Faster Internet is (at least for now) better

We’ve just gone live with our newly activated ADSL connection. As of 5:00 this evening, I was able to plug in the aforementioned modem that we bought on Friday and successfully connect to first Qwest’s initial login page, then, well, everywhere else! Of course, everybody’s test to see if they’re connected is Google. Well, not everybody. The modem and the Qwest disc would rather you connect to their homepage, but it’s still essentially the same thing.

I had to spend a little time figuring out the best configuration, and I decided to go with the transparent bridge setup, where the modem simply acts as DSL-to-Ethernet translator and all other router functions are disabled. In the same manner, I am able to put in all of the primary internet login information directly into the Wi-Fi router and everything works like a charm.

Of course, with this setup, port forwarding is working wonderfully. I’ve already opened ports from a telnet server that I have running on my main computer, as well as a few webservers that I have not yet been able to figure out permissions on. For some reason, only the localhost can access it. I’ll be sure and fix that before I give any updates on where they are or what they do.

When Andrea got home from work and settled in, she turned on her laptop and managed to get on without telling me. I was a bit suprised, mostly because I was still configuring the whole system and relying on the assumption that nobody would be immediately demanding service from it. But I haven’t heard any complaints yet. She had her laptop down on the coffee table with Astronomy Picture of the Day loaded. I mentioned it and her exact words were, “I was waiting for it to load and it just appeared!” So obviously this system is better than I had anticipated. Apparently 1.5Mbps is a TON better than 28Kbps…nearly 54 times as better in fact.
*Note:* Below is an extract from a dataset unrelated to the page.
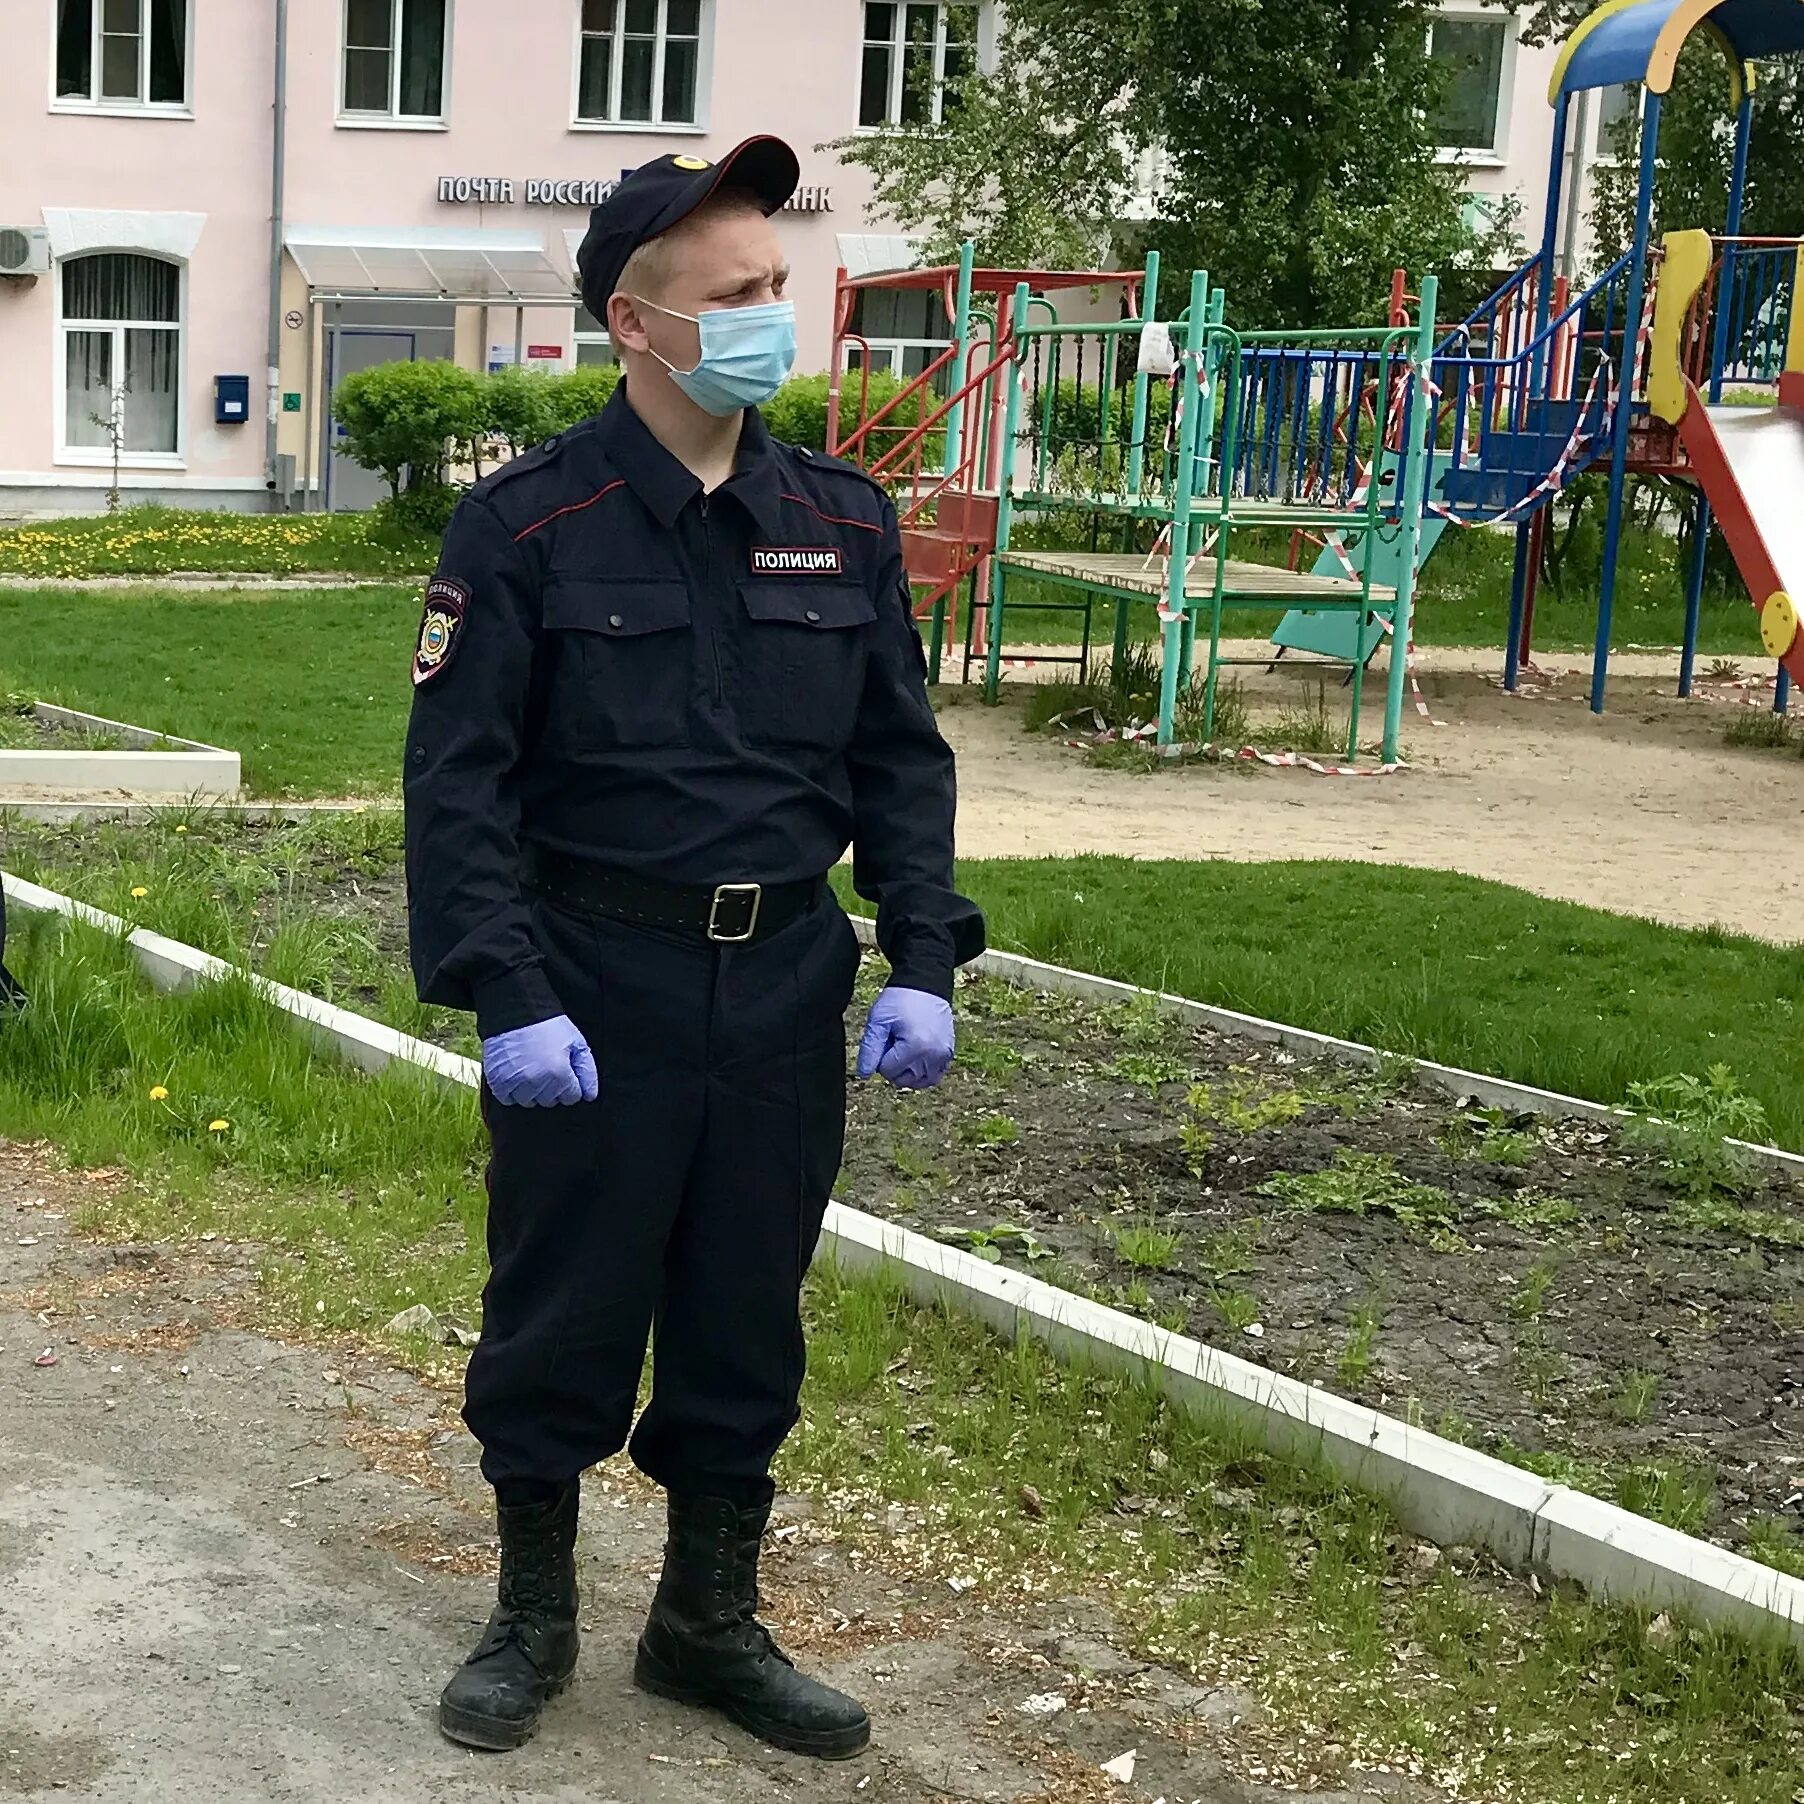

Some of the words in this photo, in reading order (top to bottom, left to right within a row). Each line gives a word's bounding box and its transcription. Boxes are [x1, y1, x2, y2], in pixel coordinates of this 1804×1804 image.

[438, 177, 514, 203] ПОЧТА
[526, 179, 613, 205] РОССИИ
[783, 186, 834, 212] АНК
[754, 551, 837, 570] ПОЛИЦИЯ
Anyway, yes, we are up and running and everything is functioning perfectly. There are no extraneous redundancies such as making the modem work as a second router/firewall, so we don’t have double-network problems to work through. Of course, we still have to call Integrity and get all our stuff filtered, and since we’re all on a pretty much parallel network, it won’t be easy to get everyone proxied through them unless we install the hardware solution. That’s about the only way I could think to make filtering work…and how would that affect my port forwarding requirements? I really really don’t know. I hope this works.

Yep! Everything’s just fine and dandy here!!